Task to complete: Copy the data verbatim and leave out every picture.

Supplied records:
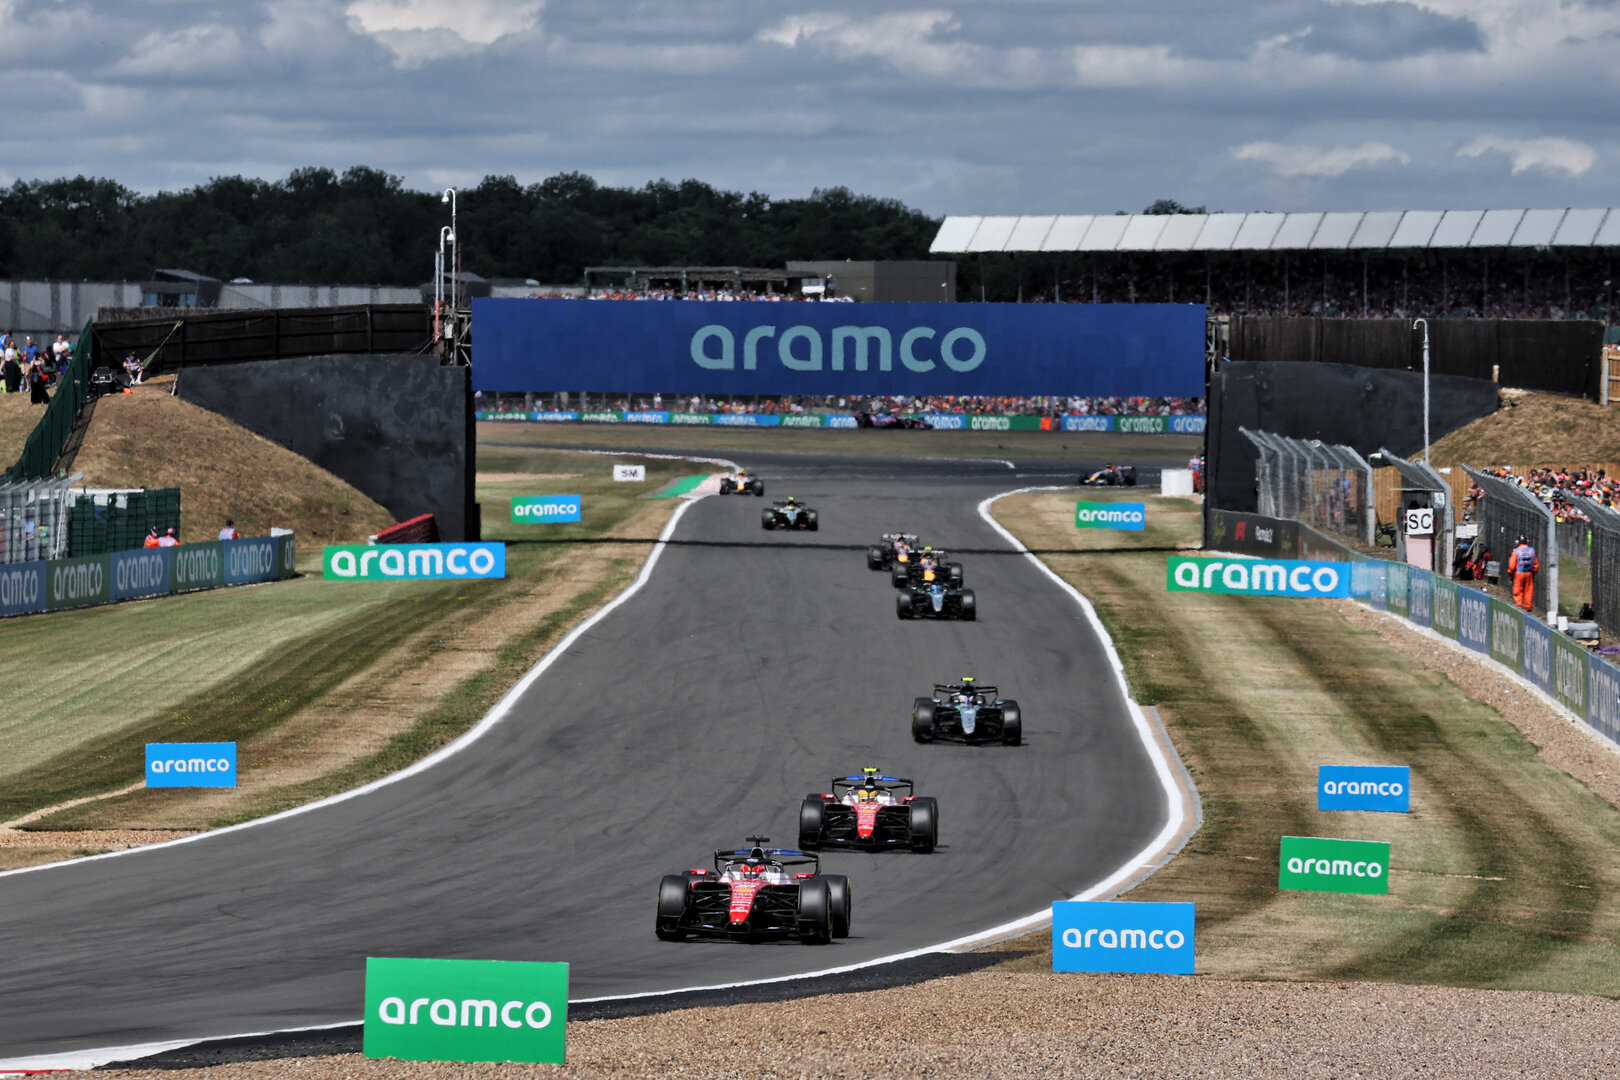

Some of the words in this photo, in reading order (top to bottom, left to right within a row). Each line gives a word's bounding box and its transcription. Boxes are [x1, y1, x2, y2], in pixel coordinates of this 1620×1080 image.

[690, 324, 987, 373] aramco
[514, 502, 577, 516] aramco
[1078, 509, 1143, 523] aramco
[1408, 513, 1432, 530] SC
[117, 553, 163, 591] aramco
[176, 548, 218, 583] aramco
[230, 543, 273, 576] aramco
[330, 548, 495, 577] aramco
[0, 569, 39, 606] amco
[53, 562, 103, 601] aramco
[1174, 562, 1339, 593] aramco
[151, 758, 230, 773] aramco
[1323, 781, 1404, 796] aramco
[1287, 857, 1382, 878] aramco
[1062, 928, 1185, 949] aramco
[378, 996, 552, 1029] aramco

Response:
Some of the words in this photo, in reading order (top to bottom, left to right within a row). Each line gives a word's bounding box and its transcription. Boxes are [x1, y1, x2, y2], in pixel coordinates of this 1620×1080 image.

[690, 324, 987, 373] aramco
[514, 502, 577, 516] aramco
[1078, 509, 1143, 523] aramco
[1408, 513, 1432, 530] SC
[117, 553, 163, 591] aramco
[176, 548, 218, 583] aramco
[230, 543, 273, 576] aramco
[330, 548, 495, 577] aramco
[0, 569, 39, 606] amco
[53, 562, 103, 601] aramco
[1174, 562, 1339, 593] aramco
[151, 758, 230, 773] aramco
[1323, 781, 1404, 796] aramco
[1287, 857, 1382, 878] aramco
[1062, 928, 1185, 949] aramco
[378, 996, 552, 1029] aramco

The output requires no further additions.